To that point, whether we’re forking over $400 for a Silicon Valley-approved juicer or $10 for a local shop’s kale-ginger-cucumber-apple blend, we’re not just paying for puréed produce. We’re buying into a vision of ourselves at our radiant, virtuous, energized best. Buying cold-pressed juice has always been a way to signal to ourselves, and the world, that we’re enlightened enough to prioritize our health—and financially secure enough to invest in it. “Juice says you don’t do manual labor,” Vanessa Grigoriadis observed in New York Magazine in 2013. “You make money with your fingers in the new economy, nails painted a cheery neon or pastel gel as you text.”
There’s just one problem: When it comes to health benefits, fresh-pressed juice isn’t all it’s cracked up to be. “Juice has less fiber than a whole fruit or vegetable does, and fruit juices in particular are likely to have a higher glycemic index—a measure of how a food raises blood-sugar levels—than a whole fruit,” a Harvard Medical School blog post explains. Nor is there any evidence that fresh juice helps rid your body of toxins. (Doctors say your kidneys and liver can handle this just fine on their own.) The jury’s still out on whether cold-pressed juicing, meant to better preserve vitamins that would otherwise be diminished by pulverization, helps people absorb nutrients better than other techniques. The general medical consensus is that it’s more nutritious to eat fruits and vegetables in their pre-puréed forms, although swigging a green juice is certainly preferable to skipping produce entirely.

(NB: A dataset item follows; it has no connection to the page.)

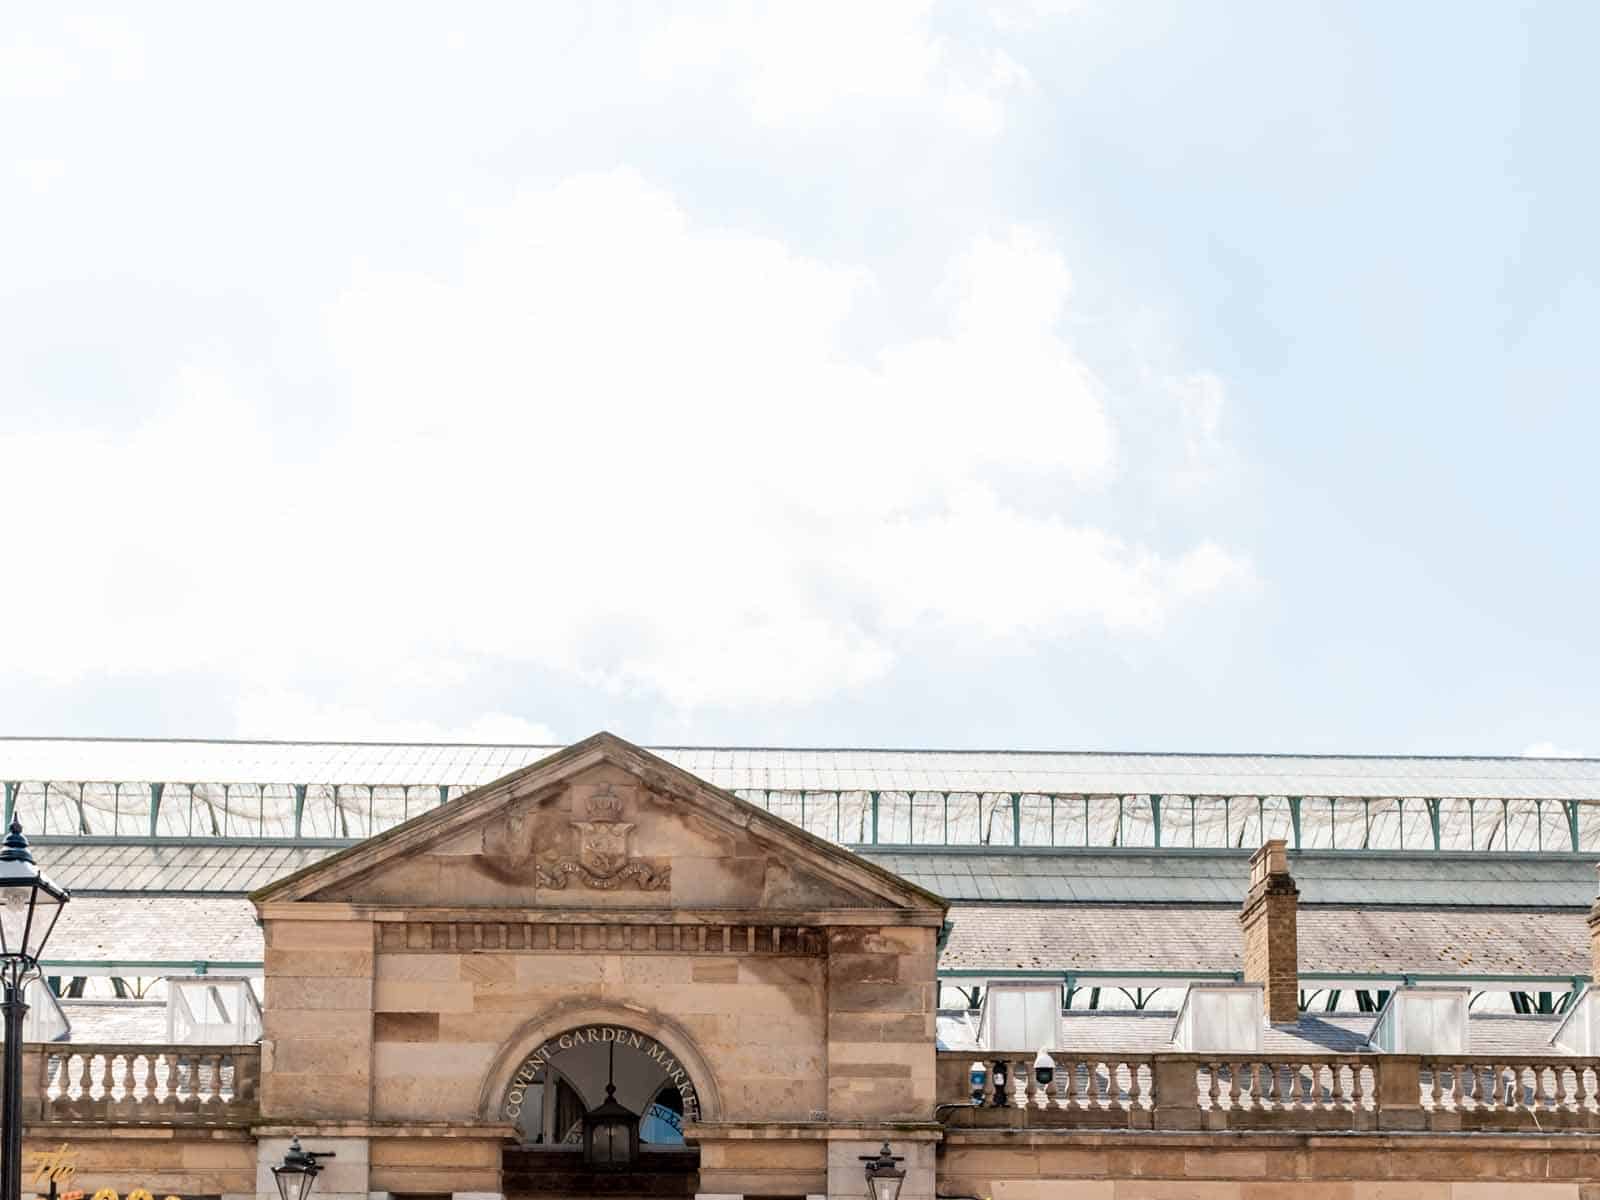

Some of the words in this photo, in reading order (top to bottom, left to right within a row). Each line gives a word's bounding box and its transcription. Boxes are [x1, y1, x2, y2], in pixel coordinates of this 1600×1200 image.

[505, 1045, 552, 1119] COVENT
[559, 1027, 643, 1050] GARDEN
[647, 1043, 699, 1123] MARKET

So there’s never been anything particularly magical about juice—apart from its popularity demonstrating how rich people are just as susceptible to marketing and misinformation as poor people. Just as fast-food chains and soda companies target members of low-income communities (admittedly, to more insidious effect), so do marketers target well-off white women by peddling 30-day juice cleanses, bone broth, cryotherapy, and vaginal steaming.
Certainly, there’s a place for juice in the world. It’s a fast and convenient way to get some vitamins, and it tastes pretty good. The problem lies with juice as an aspirational lifestyle symbol that promises to transform us into luminous, Instagram-ready wellness mermaids, and with the darker implication that chewing food is a sign of weakness.
And so the fact that Juicero turned out to be an expensive, useless invention should come as no surprise to us—juice itself is an expensive and somewhat useless “produce lifehack.” Its rise to prominence in the 21st century has been brought about by the capitalist-fueled quest for self-improvement and the mainstream’s warped adaptation of countercultural ideals—the very same forces that have led to some of the tech world’s most embarrassing blunders. In this sense, juice and Silicon Valley were always a logical blend.